═════ Dataset records ═════

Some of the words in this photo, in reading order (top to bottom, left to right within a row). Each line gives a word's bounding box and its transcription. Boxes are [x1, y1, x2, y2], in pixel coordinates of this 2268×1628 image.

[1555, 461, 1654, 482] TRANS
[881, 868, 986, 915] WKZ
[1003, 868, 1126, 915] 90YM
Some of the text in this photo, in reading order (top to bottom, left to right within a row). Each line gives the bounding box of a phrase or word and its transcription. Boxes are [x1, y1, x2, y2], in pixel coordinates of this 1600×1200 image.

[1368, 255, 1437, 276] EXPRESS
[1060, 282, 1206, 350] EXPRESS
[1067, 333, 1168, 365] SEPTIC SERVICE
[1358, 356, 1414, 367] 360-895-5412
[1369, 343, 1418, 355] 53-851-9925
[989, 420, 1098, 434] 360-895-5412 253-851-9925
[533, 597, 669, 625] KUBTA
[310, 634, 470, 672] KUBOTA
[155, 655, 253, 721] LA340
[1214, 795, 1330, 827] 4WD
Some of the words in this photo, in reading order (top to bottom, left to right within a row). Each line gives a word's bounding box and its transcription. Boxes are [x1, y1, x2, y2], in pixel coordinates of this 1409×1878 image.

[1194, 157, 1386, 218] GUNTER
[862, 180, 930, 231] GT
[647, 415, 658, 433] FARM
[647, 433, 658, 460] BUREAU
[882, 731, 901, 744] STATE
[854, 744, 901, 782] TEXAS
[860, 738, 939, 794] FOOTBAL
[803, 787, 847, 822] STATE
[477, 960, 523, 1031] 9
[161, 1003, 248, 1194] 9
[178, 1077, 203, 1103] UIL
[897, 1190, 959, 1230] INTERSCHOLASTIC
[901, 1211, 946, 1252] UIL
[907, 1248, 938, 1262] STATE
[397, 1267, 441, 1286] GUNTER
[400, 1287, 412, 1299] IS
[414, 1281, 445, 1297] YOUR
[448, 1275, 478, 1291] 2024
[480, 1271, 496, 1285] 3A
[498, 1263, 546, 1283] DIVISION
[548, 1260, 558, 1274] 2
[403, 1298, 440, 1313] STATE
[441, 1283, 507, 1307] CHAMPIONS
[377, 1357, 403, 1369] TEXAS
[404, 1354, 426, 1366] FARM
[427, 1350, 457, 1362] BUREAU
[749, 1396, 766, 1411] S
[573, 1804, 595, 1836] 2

═════

→ **Goal of the exercise**
Your answer should consist of the material above, written out word for word.

→ **Solution for this task**
Some of the words in this photo, in reading order (top to bottom, left to right within a row). Each line gives a word's bounding box and its transcription. Boxes are [x1, y1, x2, y2], in pixel coordinates of this 2268×1628 image.

[1555, 461, 1654, 482] TRANS
[881, 868, 986, 915] WKZ
[1003, 868, 1126, 915] 90YM
Some of the text in this photo, in reading order (top to bottom, left to right within a row). Each line gives the bounding box of a phrase or word and its transcription. Boxes are [x1, y1, x2, y2], in pixel coordinates of this 1600×1200 image.

[1368, 255, 1437, 276] EXPRESS
[1060, 282, 1206, 350] EXPRESS
[1067, 333, 1168, 365] SEPTIC SERVICE
[1358, 356, 1414, 367] 360-895-5412
[1369, 343, 1418, 355] 53-851-9925
[989, 420, 1098, 434] 360-895-5412 253-851-9925
[533, 597, 669, 625] KUBTA
[310, 634, 470, 672] KUBOTA
[155, 655, 253, 721] LA340
[1214, 795, 1330, 827] 4WD
Some of the words in this photo, in reading order (top to bottom, left to right within a row). Each line gives a word's bounding box and its transcription. Boxes are [x1, y1, x2, y2], in pixel coordinates of this 1409×1878 image.

[1194, 157, 1386, 218] GUNTER
[862, 180, 930, 231] GT
[647, 415, 658, 433] FARM
[647, 433, 658, 460] BUREAU
[882, 731, 901, 744] STATE
[854, 744, 901, 782] TEXAS
[860, 738, 939, 794] FOOTBAL
[803, 787, 847, 822] STATE
[477, 960, 523, 1031] 9
[161, 1003, 248, 1194] 9
[178, 1077, 203, 1103] UIL
[897, 1190, 959, 1230] INTERSCHOLASTIC
[901, 1211, 946, 1252] UIL
[907, 1248, 938, 1262] STATE
[397, 1267, 441, 1286] GUNTER
[400, 1287, 412, 1299] IS
[414, 1281, 445, 1297] YOUR
[448, 1275, 478, 1291] 2024
[480, 1271, 496, 1285] 3A
[498, 1263, 546, 1283] DIVISION
[548, 1260, 558, 1274] 2
[403, 1298, 440, 1313] STATE
[441, 1283, 507, 1307] CHAMPIONS
[377, 1357, 403, 1369] TEXAS
[404, 1354, 426, 1366] FARM
[427, 1350, 457, 1362] BUREAU
[749, 1396, 766, 1411] S
[573, 1804, 595, 1836] 2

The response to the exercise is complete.